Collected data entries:
————————

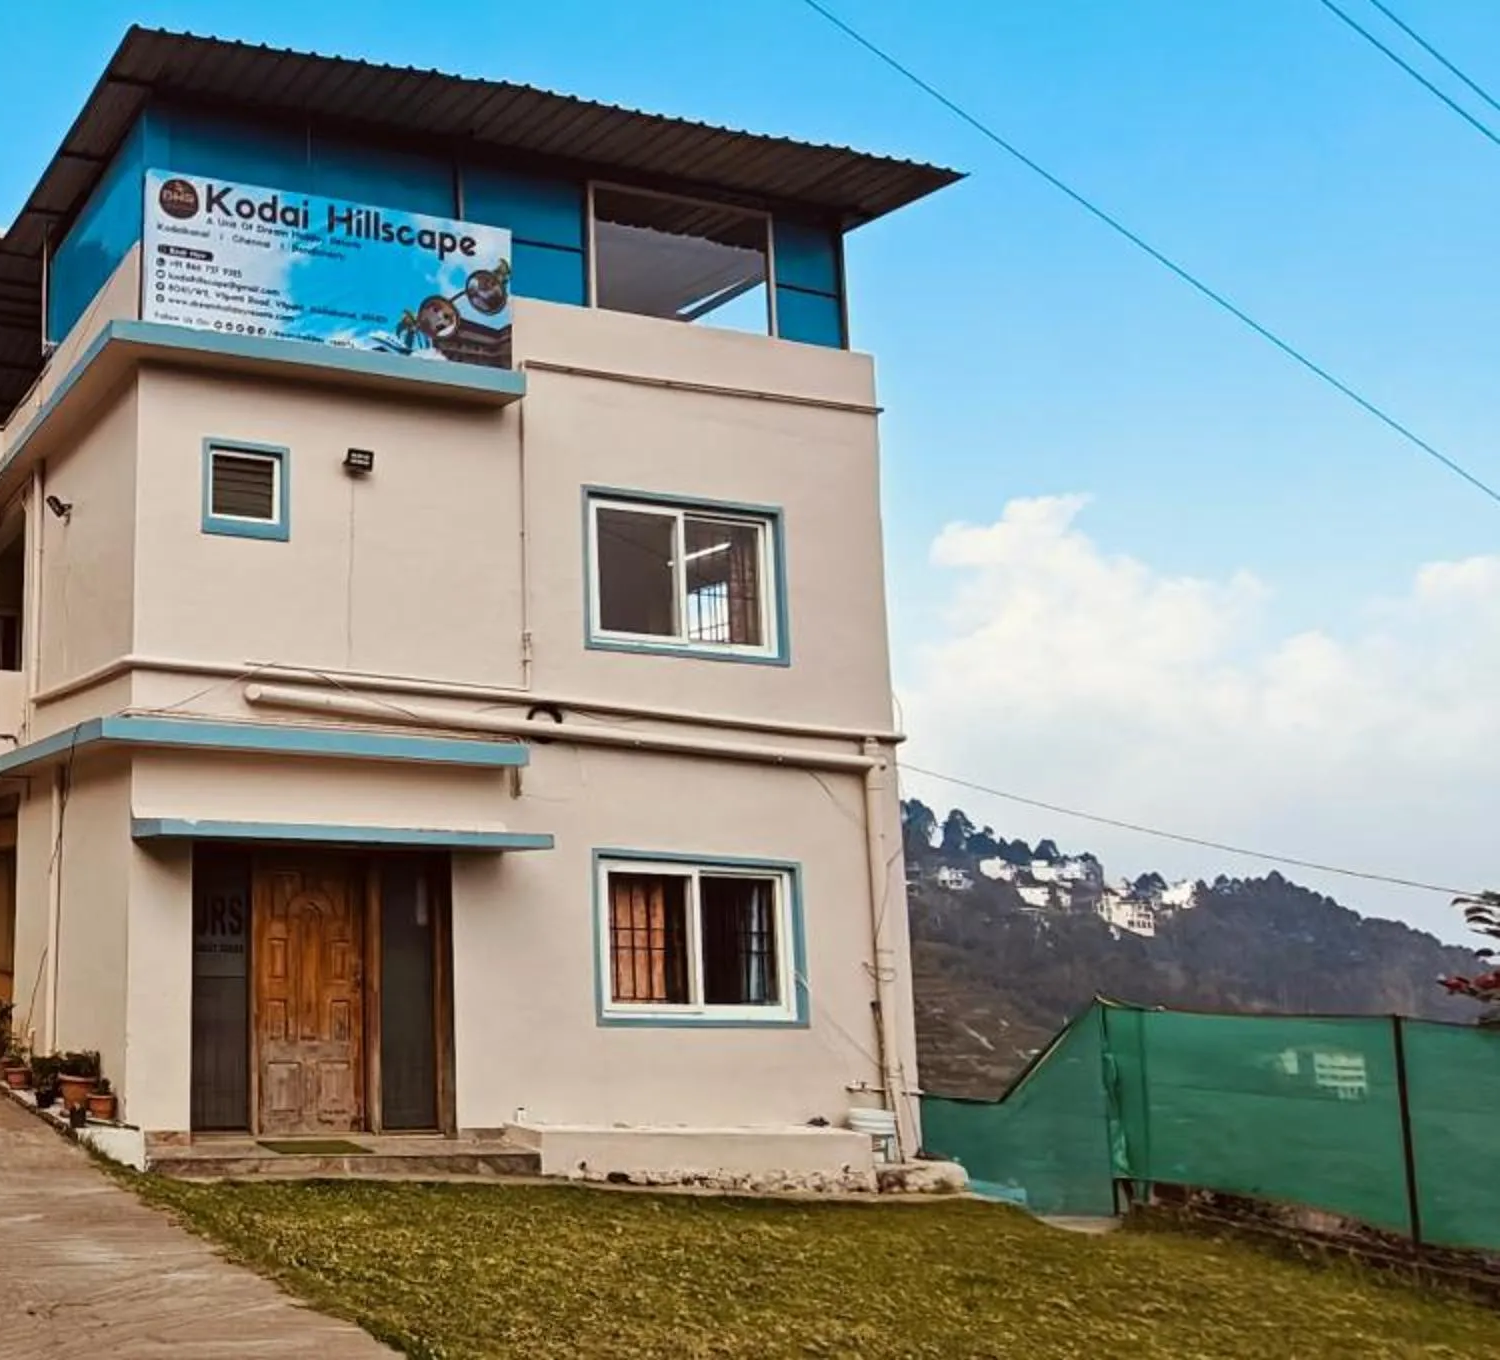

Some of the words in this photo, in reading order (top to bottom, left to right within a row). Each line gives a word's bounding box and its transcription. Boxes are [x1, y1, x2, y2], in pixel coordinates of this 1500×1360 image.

[206, 184, 308, 229] Kodai
[328, 205, 477, 260] Hillscape
[218, 219, 238, 228] Unit
[256, 225, 288, 236] Dream
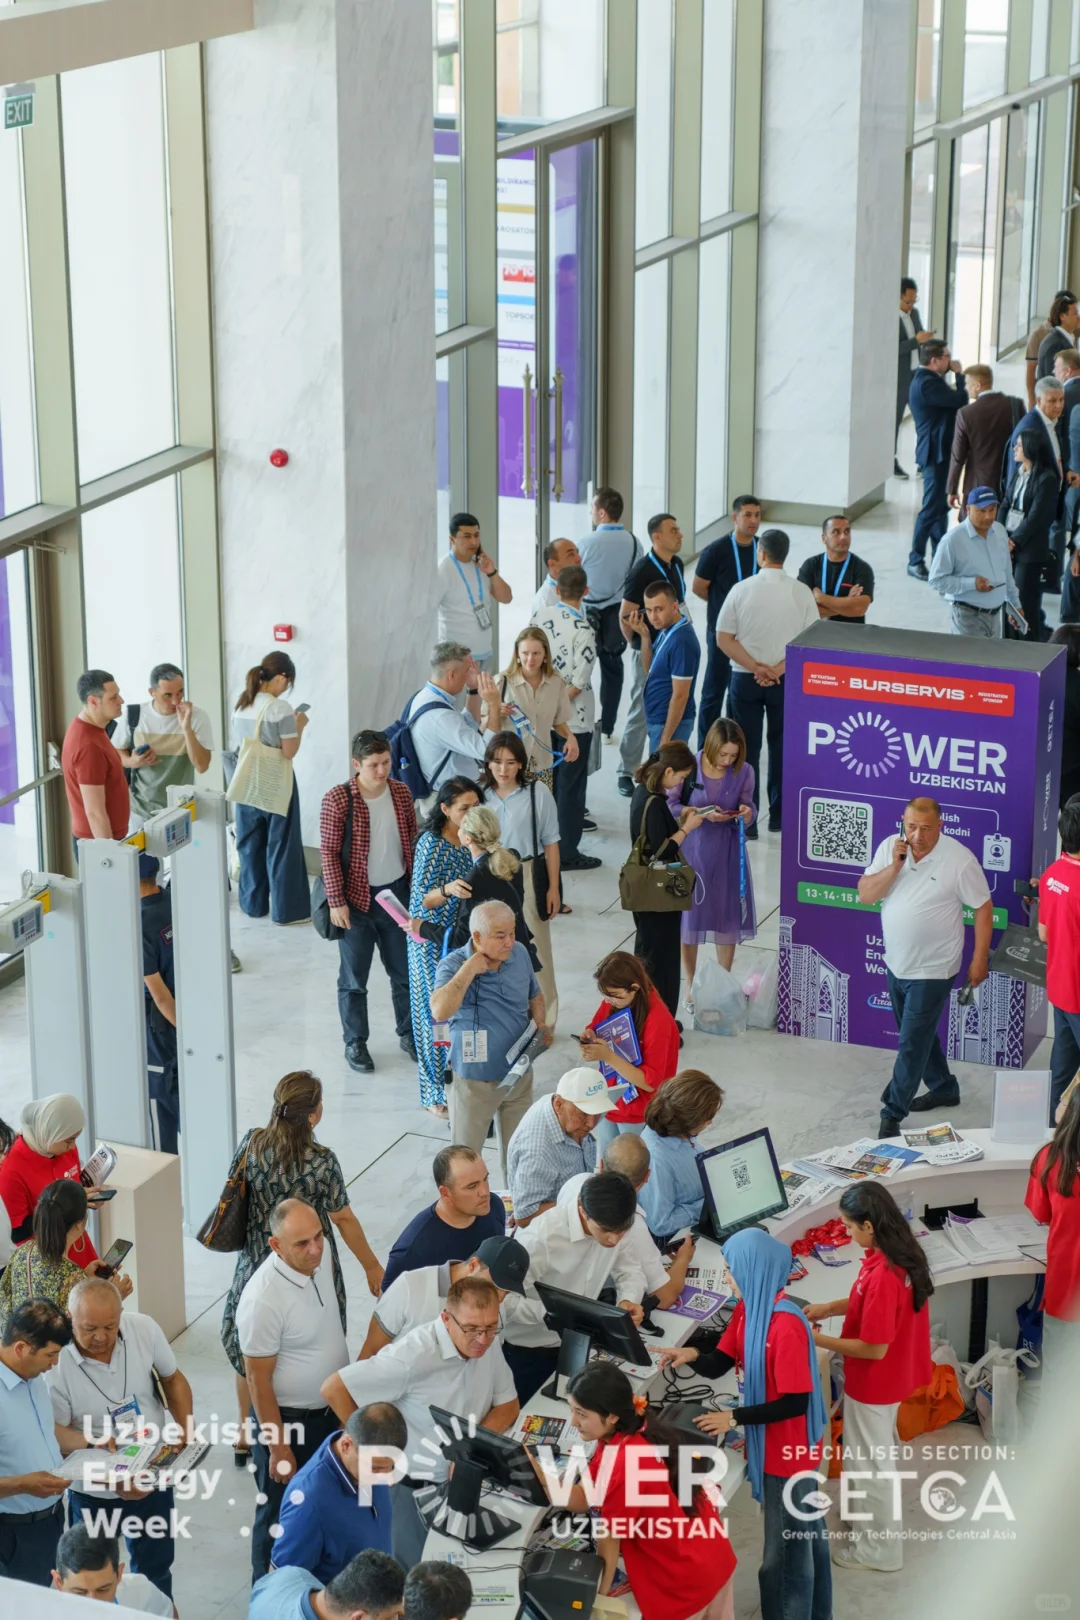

————————

Task to carry out | Your job is to repeat every entry exactly, keeping all pictures out of the copy.

Reply |
Some of the words in this photo, in reading order (top to bottom, left to right within a row). Each line gives a word's bounding box and its transcription. Boxes are [x1, y1, x2, y2], in pixel coordinates of this 1500×1360 image.

[206, 184, 308, 229] Kodai
[328, 205, 477, 260] Hillscape
[218, 219, 238, 228] Unit
[256, 225, 288, 236] Dream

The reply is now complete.